3. Considérant qu’aux termes de l’article L. 752-17 du code de commerce : ” A l’initiative du préfet, du maire de la commune d’implantation, du président de l’établissement public de coopération intercommunale (…) et de toute personne ayant intérêt à agir, la décision de la commission départementale d’aménagement commercial peut, dans un délai d’un mois, faire l’objet d’un recours devant la Commission nationale d’aménagement commercial.
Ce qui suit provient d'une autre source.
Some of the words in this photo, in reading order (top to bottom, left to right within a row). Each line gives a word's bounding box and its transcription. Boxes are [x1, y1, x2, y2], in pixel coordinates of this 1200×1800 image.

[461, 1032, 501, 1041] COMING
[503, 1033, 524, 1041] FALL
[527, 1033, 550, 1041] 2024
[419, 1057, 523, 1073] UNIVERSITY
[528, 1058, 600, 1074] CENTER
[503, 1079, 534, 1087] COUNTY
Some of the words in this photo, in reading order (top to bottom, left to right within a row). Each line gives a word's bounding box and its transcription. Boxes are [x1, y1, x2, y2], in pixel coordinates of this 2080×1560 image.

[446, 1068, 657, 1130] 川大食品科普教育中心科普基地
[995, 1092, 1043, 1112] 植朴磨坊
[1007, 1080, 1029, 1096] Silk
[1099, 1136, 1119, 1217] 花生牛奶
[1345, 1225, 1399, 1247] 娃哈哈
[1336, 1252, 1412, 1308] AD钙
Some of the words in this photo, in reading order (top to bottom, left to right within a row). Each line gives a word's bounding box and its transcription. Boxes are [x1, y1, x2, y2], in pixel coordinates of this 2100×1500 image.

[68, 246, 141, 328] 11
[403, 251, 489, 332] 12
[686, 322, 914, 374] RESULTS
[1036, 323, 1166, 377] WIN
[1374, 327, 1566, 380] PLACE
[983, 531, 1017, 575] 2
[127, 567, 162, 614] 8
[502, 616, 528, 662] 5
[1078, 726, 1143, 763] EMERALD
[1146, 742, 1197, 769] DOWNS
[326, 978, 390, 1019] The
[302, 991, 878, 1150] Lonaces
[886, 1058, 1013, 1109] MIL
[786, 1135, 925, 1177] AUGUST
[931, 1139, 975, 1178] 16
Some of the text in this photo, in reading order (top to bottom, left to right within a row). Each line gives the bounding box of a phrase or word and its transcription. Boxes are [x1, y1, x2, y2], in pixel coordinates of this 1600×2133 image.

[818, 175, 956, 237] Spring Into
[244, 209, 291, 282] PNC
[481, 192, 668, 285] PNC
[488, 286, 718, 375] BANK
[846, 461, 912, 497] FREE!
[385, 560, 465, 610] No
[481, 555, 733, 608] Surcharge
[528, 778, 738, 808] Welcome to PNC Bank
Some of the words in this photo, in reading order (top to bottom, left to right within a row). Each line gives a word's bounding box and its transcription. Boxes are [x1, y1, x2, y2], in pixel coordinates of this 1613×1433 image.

La commission nationale se prononce dans un délai de quatre mois à compter de sa saisine. / La saisine de la commission nationale est un préalable obligatoire à un recours contentieux à peine d’irrecevabilité de ce dernier (…) ” ; que ces dispositions, qui ne prévoient aucune exception à la règle énoncée au point 2, impliquent que le recours contentieux contre une décision de la Commission nationale d’aménagement commercial prise dans le même sens que celle de la commission départementale n’est ouvert qu’aux personnes qui ont elles-mêmes présenté le recours préalable ;
4. Considérant que la SAS Coutis, qui justifiait, en tant qu’exploitant d’un magasin alimentaire situé dans la zone concernée par le projet litigieux, d’un intérêt à agir contre la décision, mentionnée ci-dessus, de la commission départementale d’aménagement commercial de Seine-et-Marne du 14 juin 2011 [autorisant le projet litigieux], s’est abstenue de former ce recours devant la commission nationale ; que, par suite, sa requête ne peut qu’être rejetée comme irrecevable
».

Notons que, alors même que la rédaction de l’article L. 752-17 du code de commerce – qui indique seulement que « la saisine de la commission nationale est un préalable obligatoire » – pourrait laisser penser que le recours contentieux d’un requérant n’est pas conditionné par son propre RAPO, cet arrêt affirme l’inverse dans le but, notamment, de limiter les recours contentieux des requérants ayant manqué de diligence au stade de l’autorisation CDAC et qui souhaitaient « bénéficier » du RAPO mis en œuvre par une autre personne 2) Toutefois, selon le rapporteur public Rémi Keller dans ses conclusions sous cet arrêt, la portée pratique de cette limitation est restreinte puisque c’est la première fois que le cas se présente à juger devant le Conseil d’Etat. Notons qu’avant le 25 novembre 2008, date de l’entrée en vigueur de l’article 102 de la loi n° 2008-776 du 4 août 2008 dite « LME », les « personne[s] ayant intérêt à agir » pouvait contester les décisions des CDAC directement devant le tribunal administratif et n’étaient pas soumises à l’obligation de RAPO devant la CNAC. Il s’agit donc d’une obligation qui est relativement récente..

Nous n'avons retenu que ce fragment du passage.